Restriktionszone soll vor weiterem Ausbruch schützen

Bisher konnte die Schweinepest auf das als Restriktionszone festgelegte gefährdete Gebiet im Landkreis Görlitz begrenzt werden. In diesem Gebiet werden zunehmend verendete Wildschweine gefunden, bei denen eine Infektion mit der Tierseuche festgestellt wird. Aktuell werden 55 ASP-positive Fälle gezählt. Festgestellt wurden 52 ASP-Fälle bei bisher 113 Fallwildfunden und ein positiver ASP-Fall bei bisher 13 Unfalltieren, wobei noch Befunde erwartet werden. Zudem gibt es 29 sogenannte Entnahmen, also tierseuchenrechtlich begründete Tötungen von Wildschweinen. Dabei wurden 2 ASP-Fälle festgestellt. Zahlreiche Fundorte befinden sich südlich des Truppenübungsplatzes Oberlausitz im Niederspreer Teichgebiet, einem großen Naturschutzgebiet nordwestlich von Neusorge. Das Naturschutzgebiet besteht aus einer Vielzahl von Teichen und ist in die Heidelandschaft eingebettet. Es ist für die Wildschweine ein natürliches Habitat, es ist schwer zugänglich und bietet für die Wildschweinpopulationen ideale Rückzugsmöglichkeiten.
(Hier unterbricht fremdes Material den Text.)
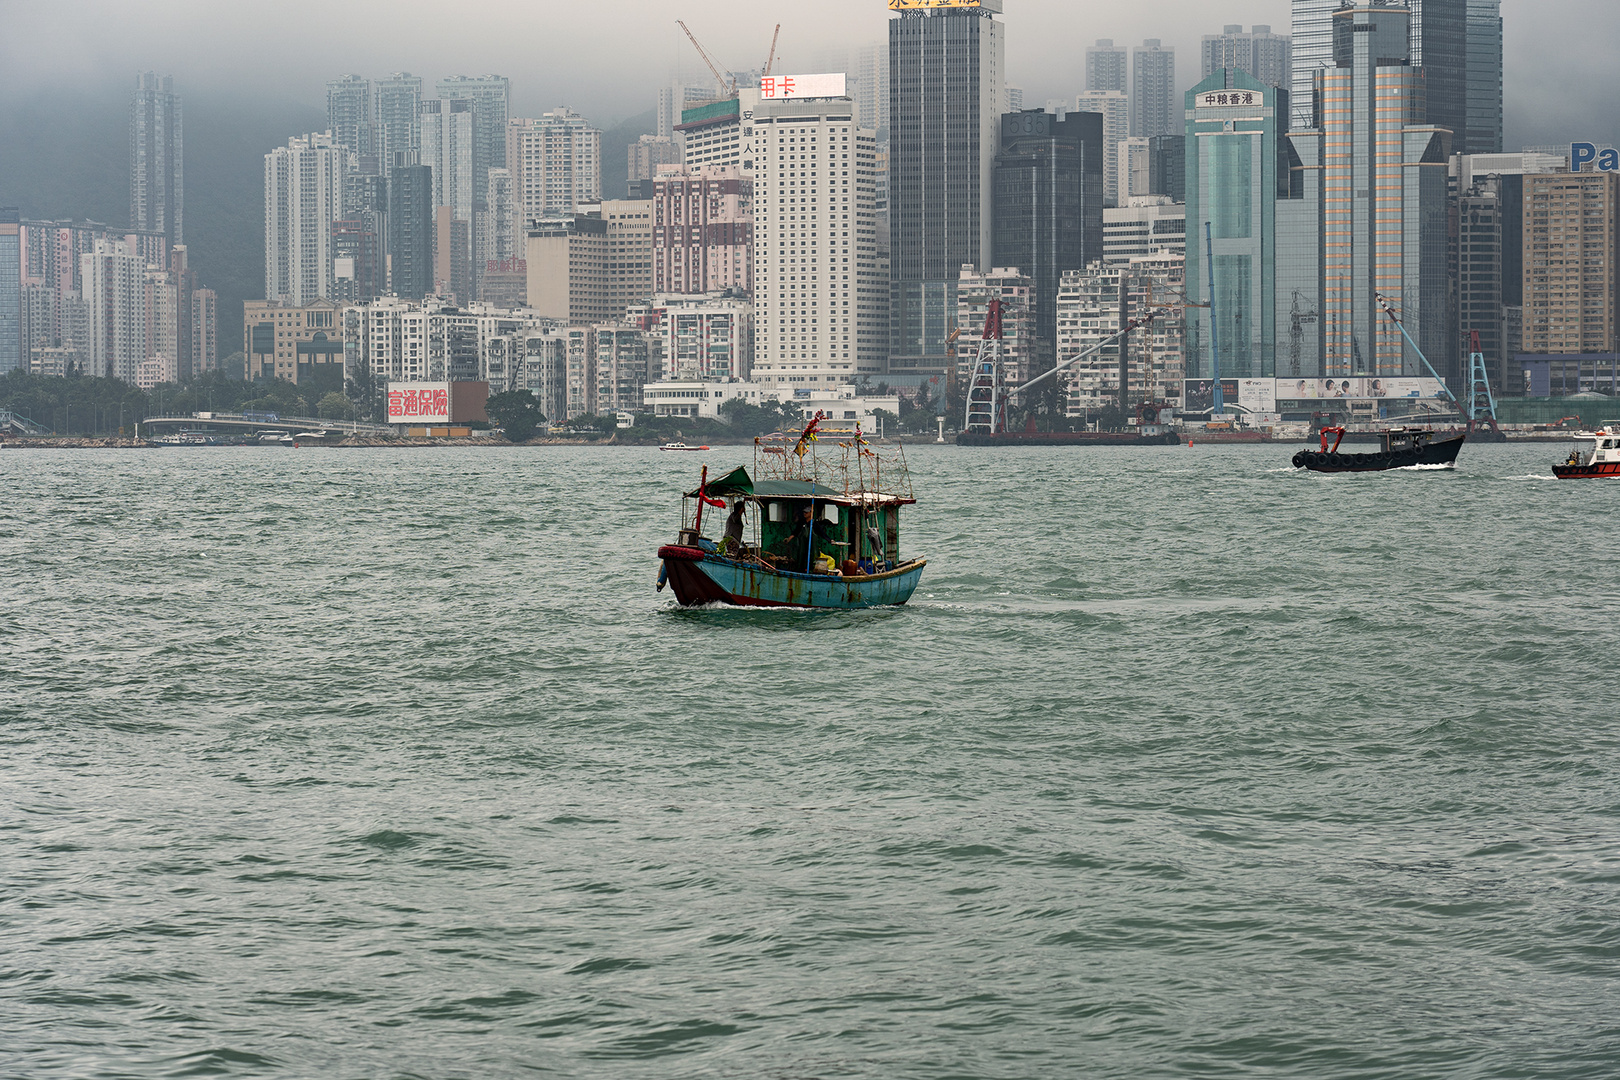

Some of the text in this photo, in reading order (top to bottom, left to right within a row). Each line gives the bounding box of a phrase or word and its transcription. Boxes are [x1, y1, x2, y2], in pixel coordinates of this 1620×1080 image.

[1205, 93, 1253, 106] 中粮香港
[1009, 114, 1045, 134] 535
[1570, 141, 1620, 172] Pa
[388, 389, 448, 416] 富通保險
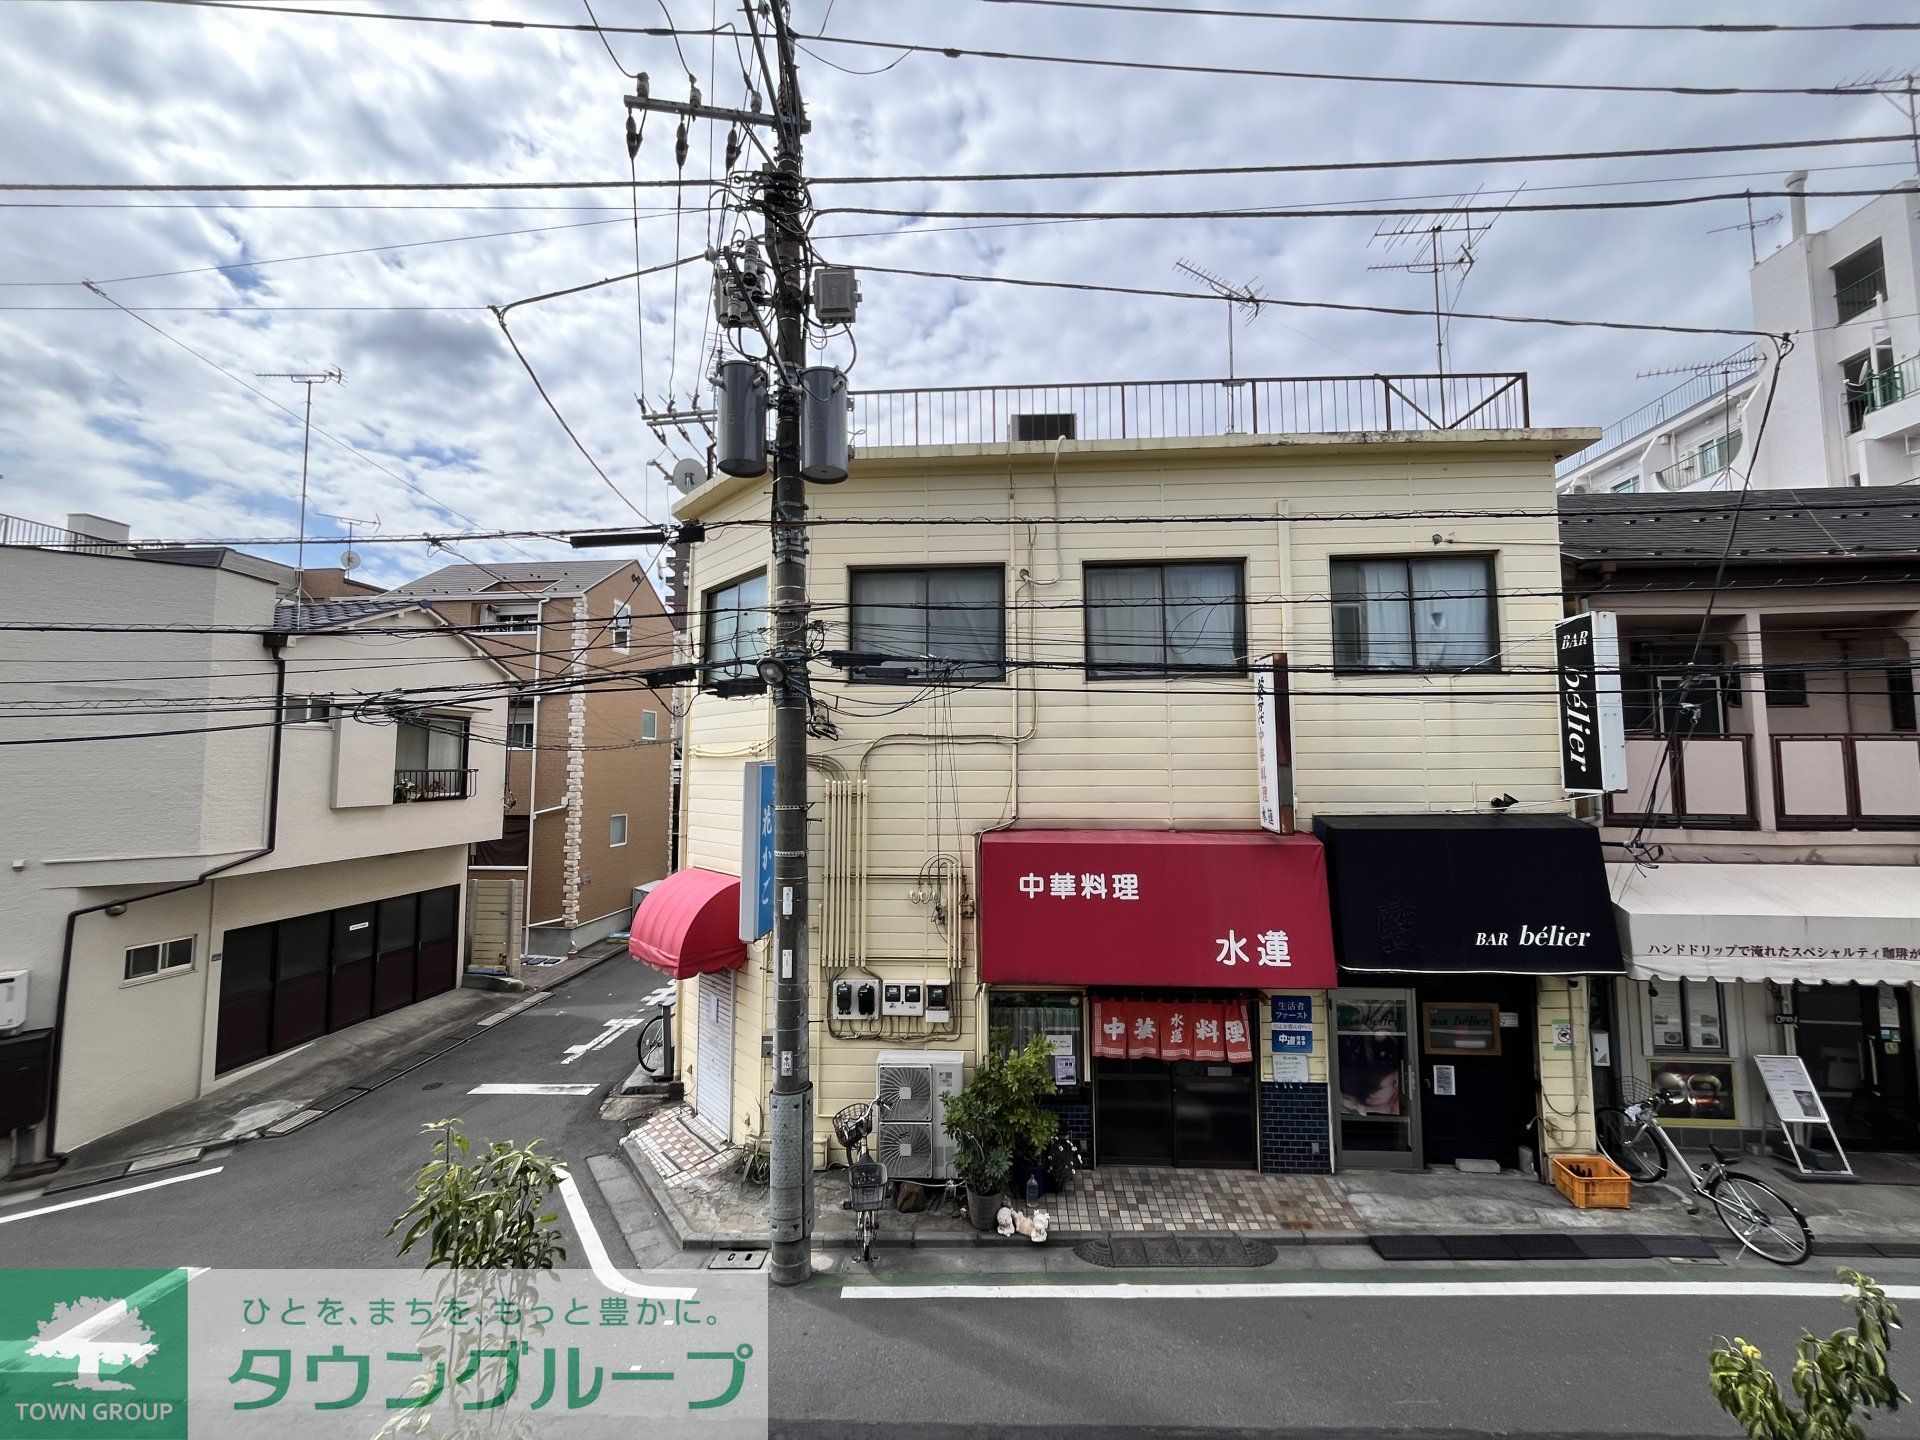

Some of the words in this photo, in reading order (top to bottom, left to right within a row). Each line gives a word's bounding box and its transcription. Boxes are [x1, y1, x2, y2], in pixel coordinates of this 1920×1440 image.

[1561, 630, 1588, 650] BAR
[1564, 665, 1592, 773] bélier
[1019, 872, 1140, 900] 中華料理
[1475, 932, 1508, 946] BAR
[1519, 924, 1591, 947] bélier
[1215, 929, 1292, 967] 水蓮
[1275, 1012, 1308, 1020] ファースト
[1278, 1001, 1305, 1011] 生活者
Auf dem Truppenübungsplatz der Bundeswehr wurden bei einem entnommenen Tier eine ASP-Virusinfektion vom Friedrich-Loeffler-Institut bestätigt. Zudem wurde bei einem tot aufgefundenen Frischling nördlich des Truppenübungsplatzes das ASP-Virus festgestellt.

Aktuell beträgt die Fläche des gefährdeten Gebietes 322 Quadratkilometer. Das Gebiet der angrenzenden Pufferzone umfasst 826 Quadratkilometer. Aufgrund der aktuellen Funde wird gerade eine Anpassung der Restriktionszonen erarbeitet. Innerhalb der zuletzt räumlich in die Restriktionszonen neu einbezogenen Gebiete gelten die bekannten Vorschriften, die bei Neuausweisung eines gefährdeten Gebiets erforderlich sind. Dort gilt ein generelles Jagdverbot auf alle Tierarten. Auslauf- und Freilandhaltung von Hausschweinen sind untersagt. Diese dürfen nicht mit Wildschweinen in Berührung kommen. Schweinehalter müssen in ihren Betrieben strenge Biosicherheitsmaßnahmen einhalten. Dazu gehören geeignete Desinfektionsmöglichkeiten an den Ein- und Ausgängen der Ställe. Für Hunde gilt in dieser Zone Leinenzwang. Verendete und erkrankte Wildschweine sind sowohl im gesamten gefährdeten Gebiet als auch in der Pufferzone unverzüglich gegenüber dem Veterinäramt anzuzeigen und auf Afrikanische Schweinepest zu untersuchen.